Data careers, at a glance
Data, data everywhere...
What do data professionals do?
They do different things. Data are discrete, continuous values that offer insight. They are often found in largely raw and unprocessed collections that are meaningless until something or someone can make sense of what they can reveal. Here's a high level overview of different data professions.
Data analysts:
collect, sort, and interpret data to discover patterns and insights to enable decision making.
Skill sets: SQL, Excel, Power BI, Tableau, Statistics and mathematics.
Common projects: Analyze trends and patterns, use low-code software (or programming) to create dynamic dashboards and reports.
Data engineer:
Designing, building, and maintaining data pipelines and infrastructure.
Skill sets: Python, big data, ETL tools, cloud platforms.
Common projects: gathering & cleaning data sets, setting up data warehouses and data lakes.
Data scientists:
Employ data to build dynamic models and perform forecasts.

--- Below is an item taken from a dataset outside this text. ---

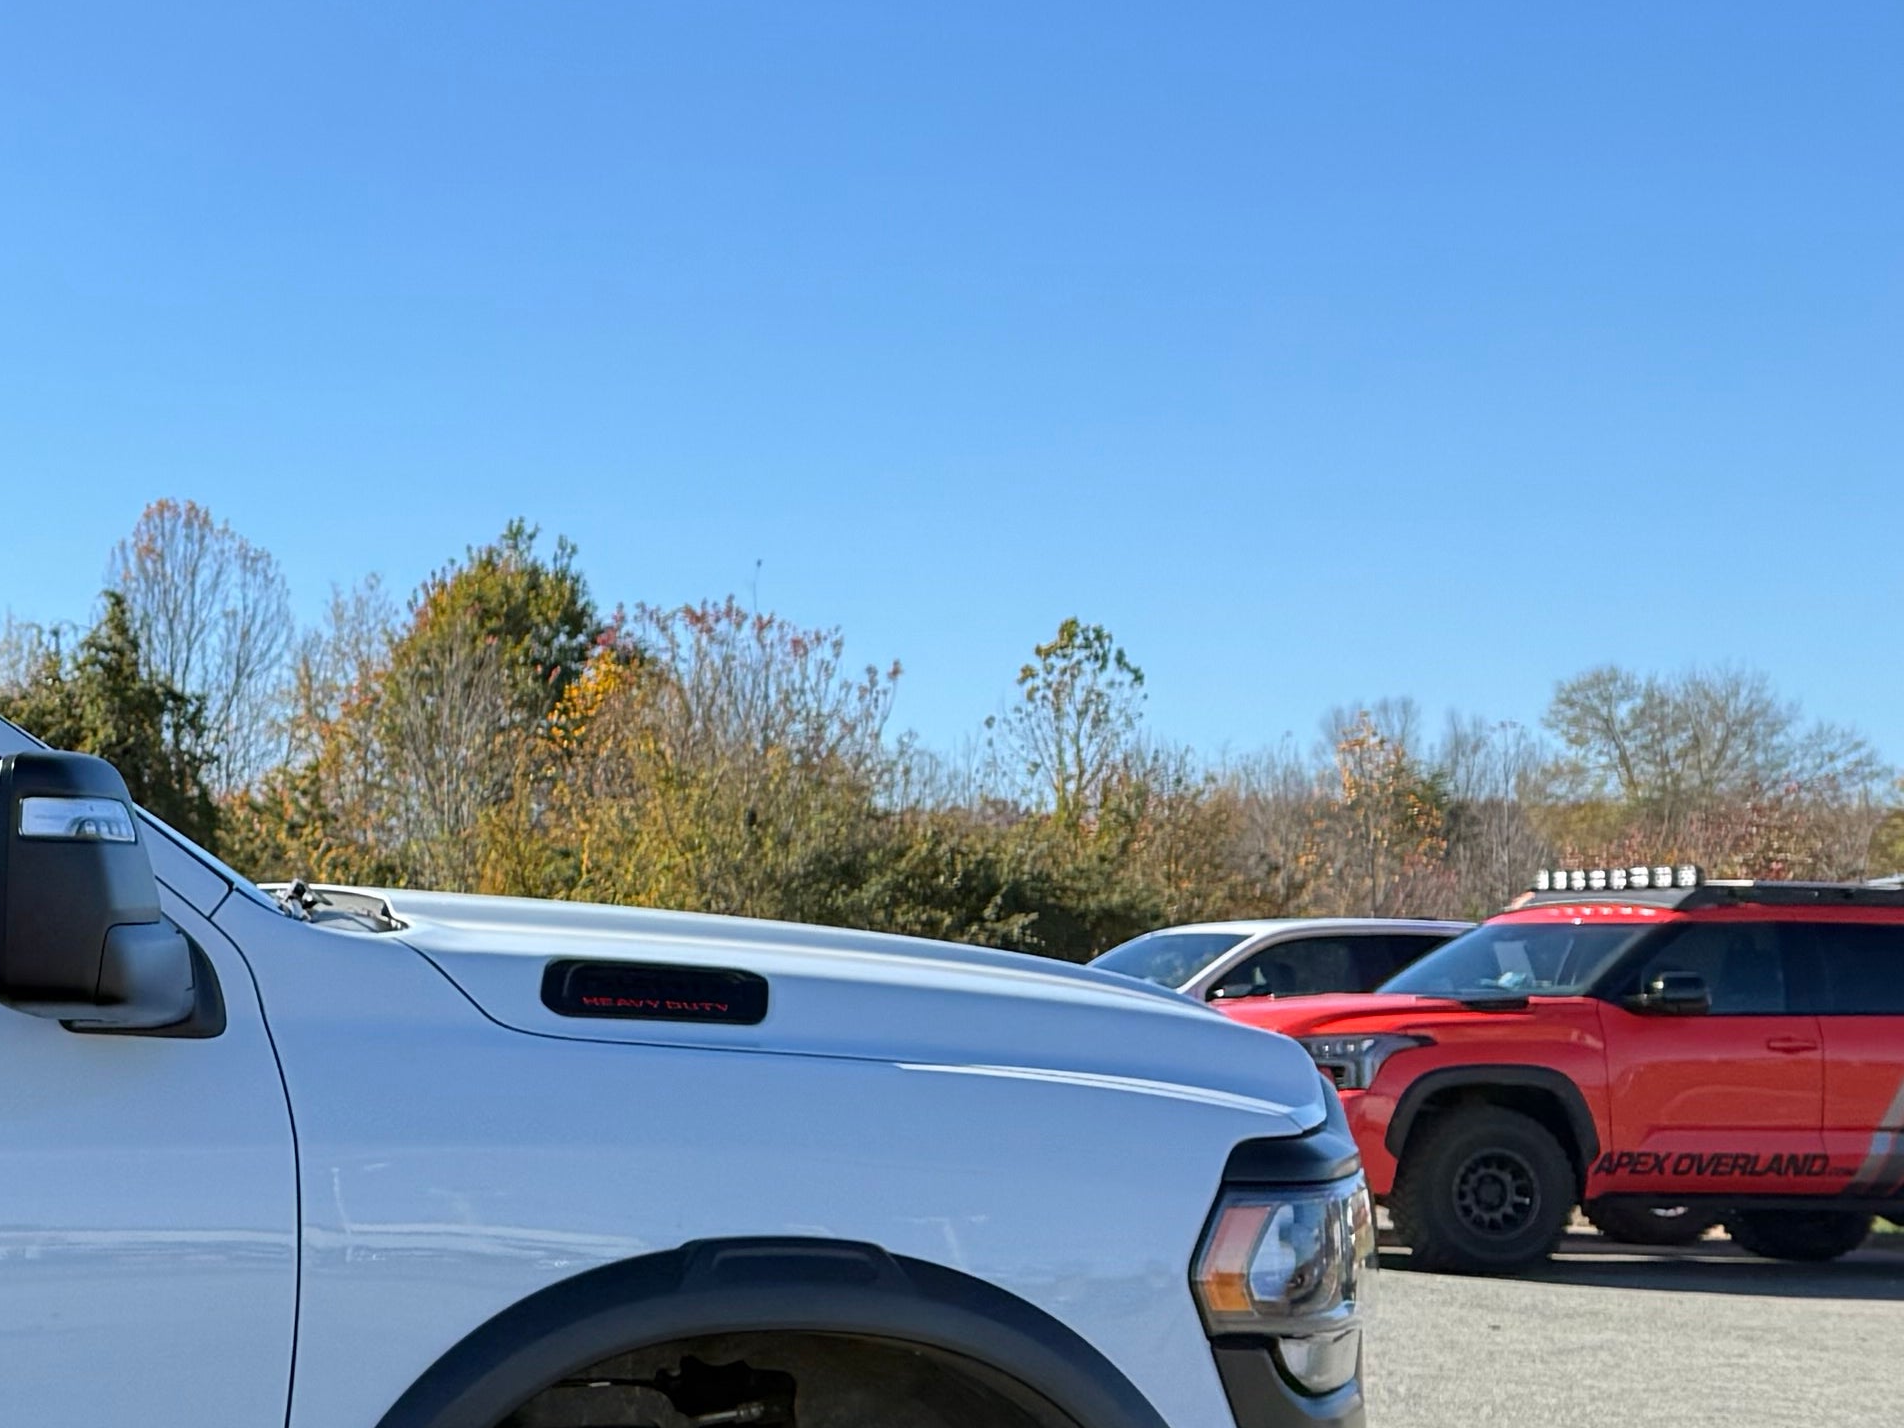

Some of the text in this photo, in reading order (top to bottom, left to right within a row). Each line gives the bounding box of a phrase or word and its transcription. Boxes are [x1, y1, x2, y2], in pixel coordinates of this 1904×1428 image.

[582, 996, 728, 1012] HEAVY DUTY
[1594, 1151, 1671, 1176] APEX

Skill sets: R, Python, C/C++, machine learning tools, statistics/mathematics, data visualization.
Common projects: Create machine learning models; generate prescriptive analytics.
Almost everything can either produce or be described by data. The U.S. Bureau of Labor and Statistics forecasts a strong demand for data professionals, with a 36% increase in employment between 2023 to 2033. If you like analytical thinking and have great attention to detail, this could be a great career possibility.